§ **What is needed**: Reproduce the entries in full. Exclude all images from the copy.

§ **Given data**:
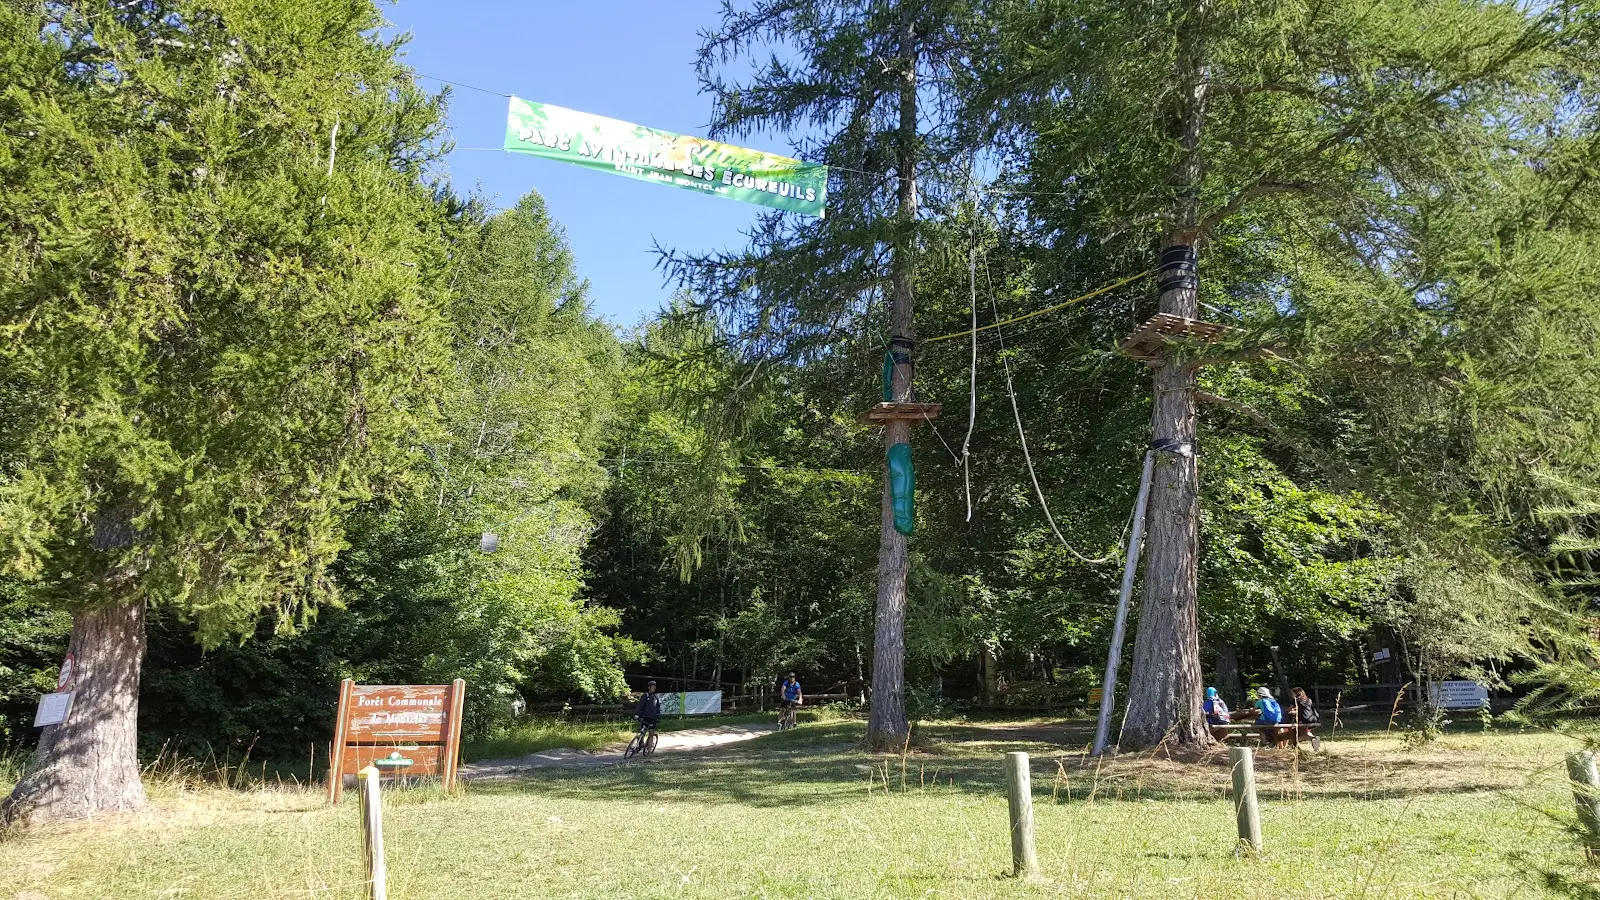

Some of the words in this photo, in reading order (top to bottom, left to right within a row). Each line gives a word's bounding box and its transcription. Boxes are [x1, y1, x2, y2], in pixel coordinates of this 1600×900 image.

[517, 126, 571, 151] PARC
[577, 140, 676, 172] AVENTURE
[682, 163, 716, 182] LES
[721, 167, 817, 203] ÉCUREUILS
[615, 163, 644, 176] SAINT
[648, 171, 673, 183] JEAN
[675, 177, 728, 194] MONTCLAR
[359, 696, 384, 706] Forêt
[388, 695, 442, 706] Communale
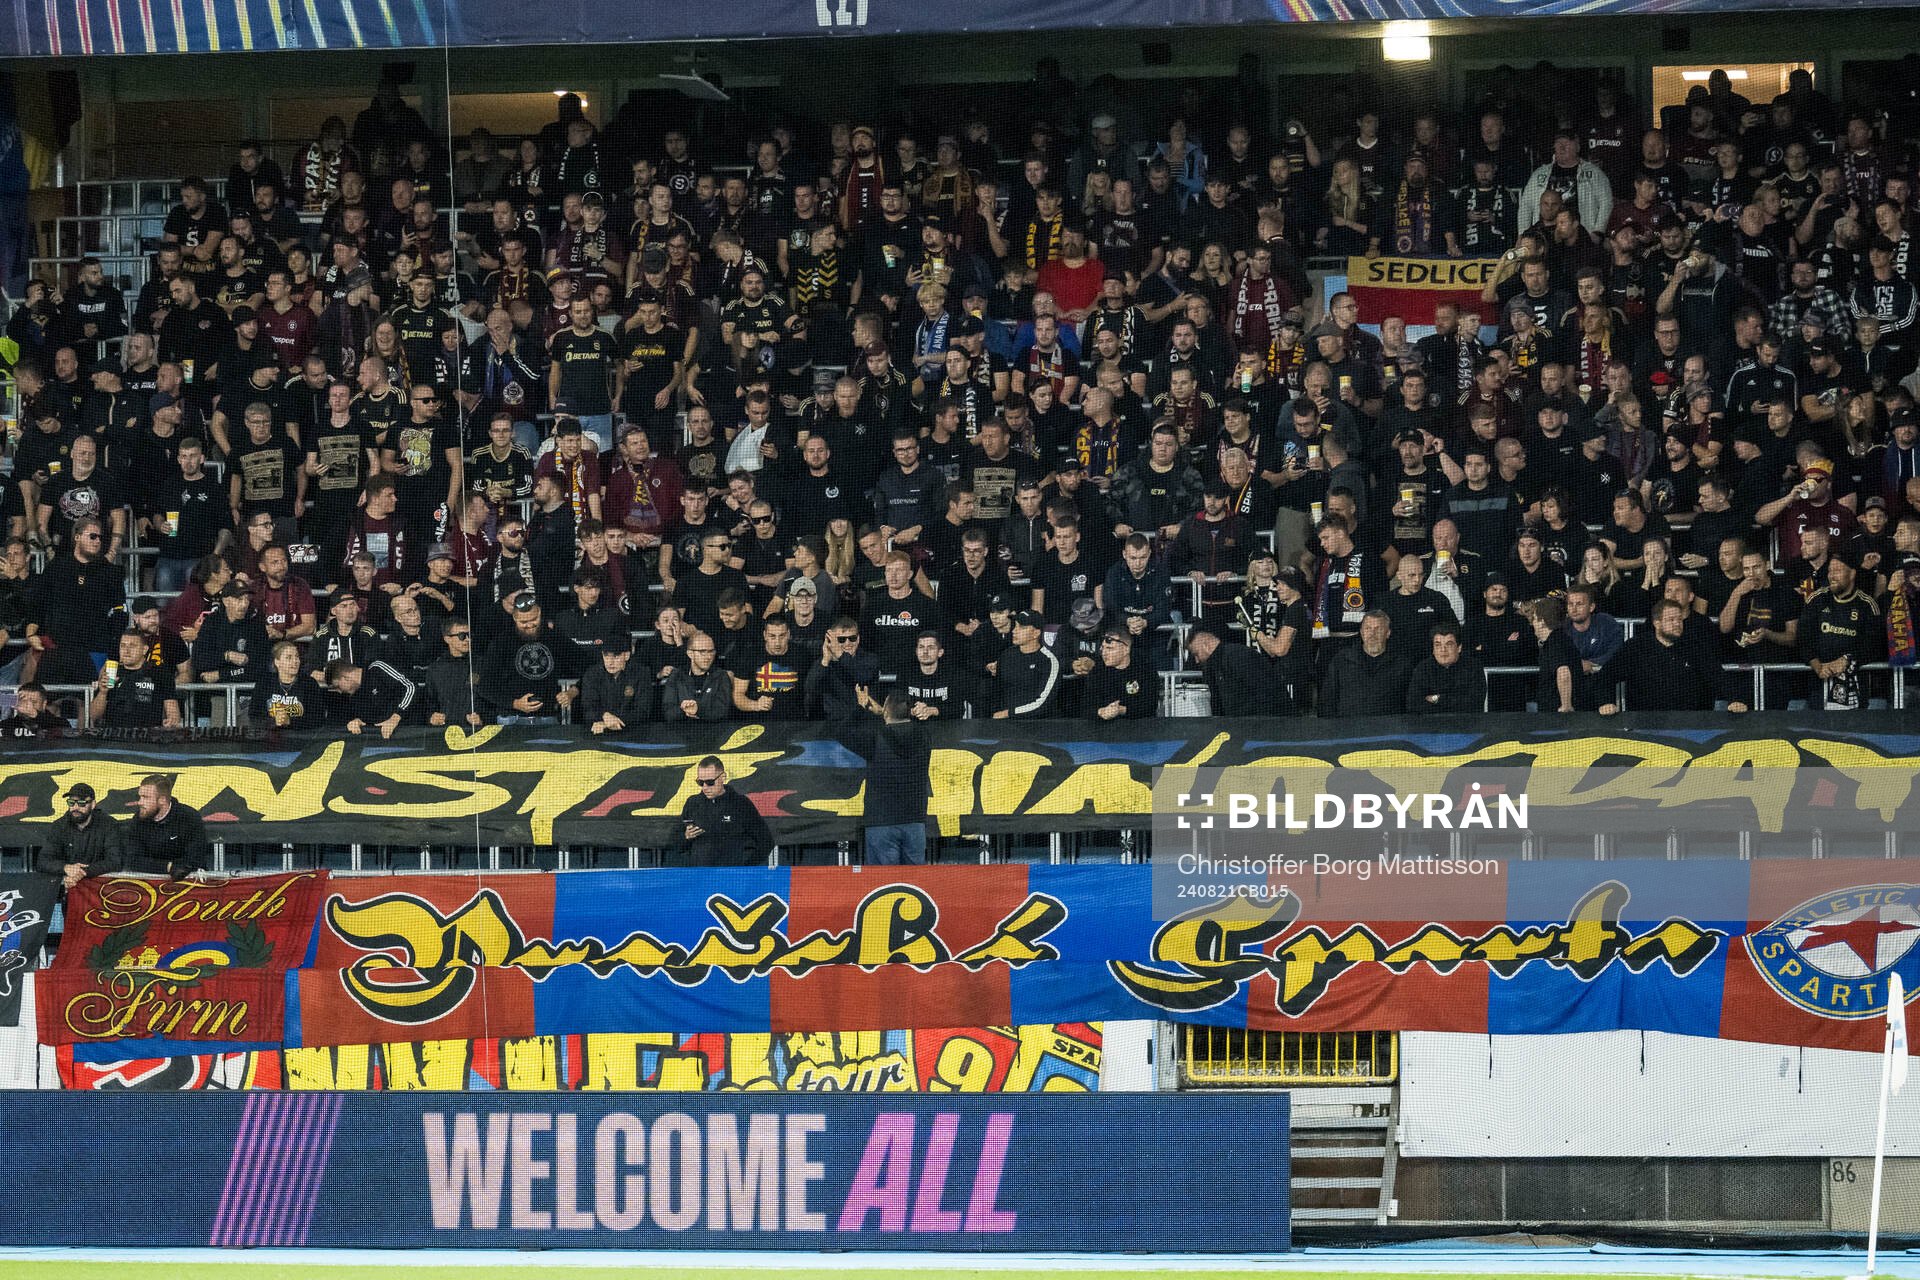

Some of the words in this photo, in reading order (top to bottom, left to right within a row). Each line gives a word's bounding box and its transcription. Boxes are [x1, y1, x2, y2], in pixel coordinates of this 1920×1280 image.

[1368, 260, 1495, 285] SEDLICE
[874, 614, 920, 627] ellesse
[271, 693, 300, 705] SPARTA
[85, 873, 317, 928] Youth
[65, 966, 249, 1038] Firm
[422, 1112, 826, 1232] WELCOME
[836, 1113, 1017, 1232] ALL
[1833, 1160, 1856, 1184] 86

§ **Result below**:
Some of the words in this photo, in reading order (top to bottom, left to right within a row). Each line gives a word's bounding box and its transcription. Boxes are [x1, y1, x2, y2], in pixel coordinates of this 1600×900 image.

[517, 126, 571, 151] PARC
[577, 140, 676, 172] AVENTURE
[682, 163, 716, 182] LES
[721, 167, 817, 203] ÉCUREUILS
[615, 163, 644, 176] SAINT
[648, 171, 673, 183] JEAN
[675, 177, 728, 194] MONTCLAR
[359, 696, 384, 706] Forêt
[388, 695, 442, 706] Communale

Some of the words in this photo, in reading order (top to bottom, left to right within a row). Each line gives a word's bounding box and its transcription. Boxes are [x1, y1, x2, y2], in pixel coordinates of this 1920×1280 image.

[1368, 260, 1495, 285] SEDLICE
[874, 614, 920, 627] ellesse
[271, 693, 300, 705] SPARTA
[85, 873, 317, 928] Youth
[65, 966, 249, 1038] Firm
[422, 1112, 826, 1232] WELCOME
[836, 1113, 1017, 1232] ALL
[1833, 1160, 1856, 1184] 86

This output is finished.